Remdesivir does not reduce mortality in ventilated patients with COVID-19

1. No significant decrease in mortality risk was observed in ventilated patients with COVID-19 on remdesivir compared to the control group.

2. In patients infected with COVID-19 who were not ventilated at the time of randomization, there was a slight reduction in mortality in patients on remdesevir compared to the control group (p=0.02) .

Level of evidence assessment: 1 (Excellent)

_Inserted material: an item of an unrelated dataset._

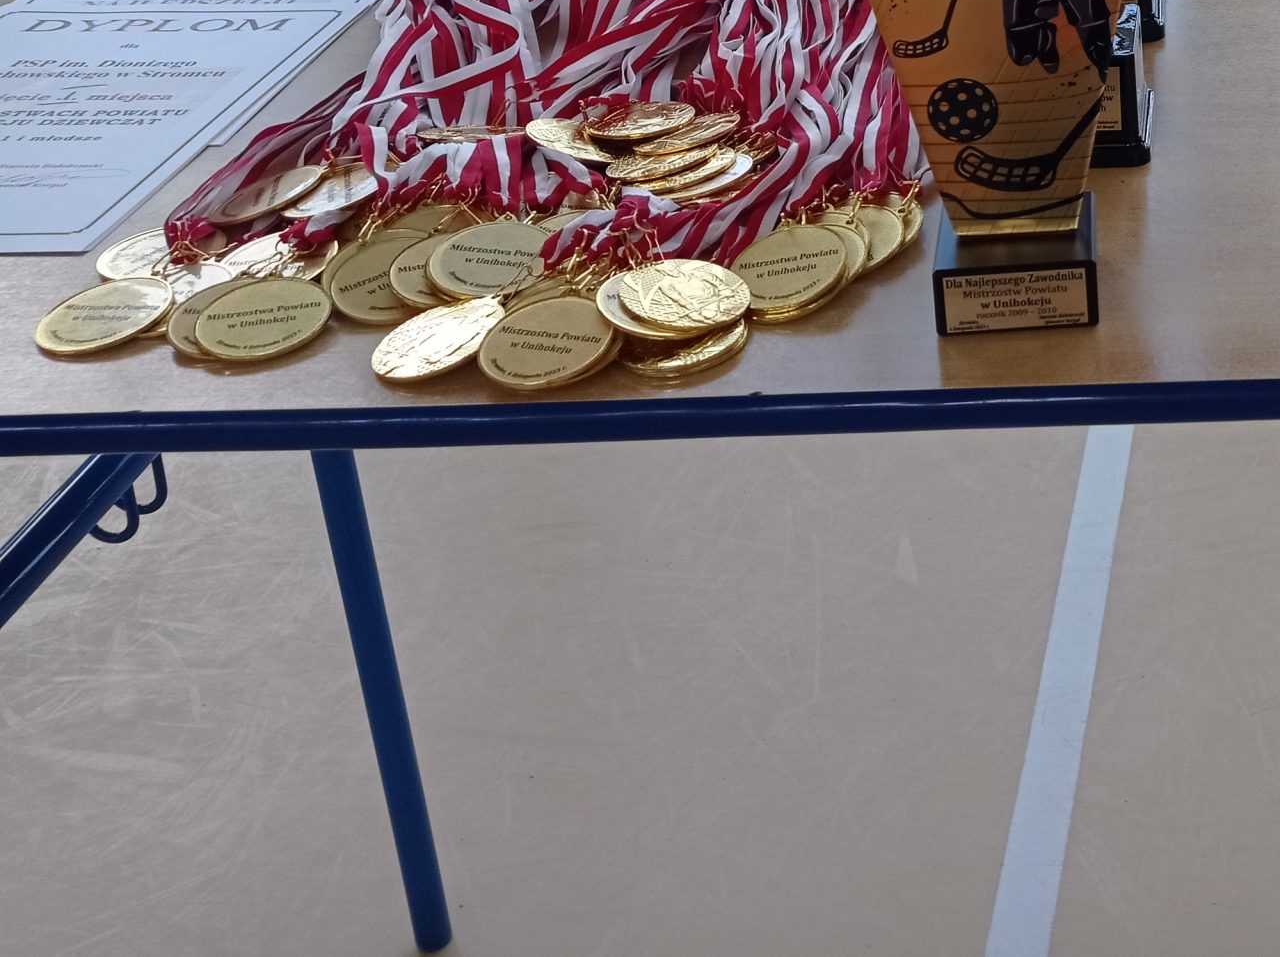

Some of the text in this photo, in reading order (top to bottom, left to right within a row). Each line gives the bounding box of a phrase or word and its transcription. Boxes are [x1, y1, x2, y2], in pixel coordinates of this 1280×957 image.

Summary of the study: The Solidarity trial is a previously reported large study of four potential drug treatments for COVID-19 conducted by the World Health Organization (WHO). The drugs included were remdesivir, hydroxychloroquine, lopinavir and IFN-β1a. Due to lack of supporting evidence, all three drugs other than remdesivir were discontinued after the interim report; therefore, follow-up results focus only on remdesivir. Patients were randomized to receive standard care plus remdesivir or no medication (control). This study found no statistically significant difference in all-cause mortality between the remdesivir group and the control group. Patients were then stratified by disease severity defined by the use of respiratory support or supplemental oxygen. When disease severity is taken into account, remdesivir was found to confer a reduced risk of mortality in less severe illnesses (no oxygen or respiratory support). In non-ventilated patients, remdesivir significantly reduced the risk of death and the risk of progression to ventilation, but this benefit was small. Limitations of this study include the lack of a placebo and therefore the inherently open design. Nevertheless, drug trials during the COVID-19 pandemic were a necessity to assess promising drugs and therefore required a more flexible design. This study demonstrates the need for additional therapy to effectively combat COVID-19 infection.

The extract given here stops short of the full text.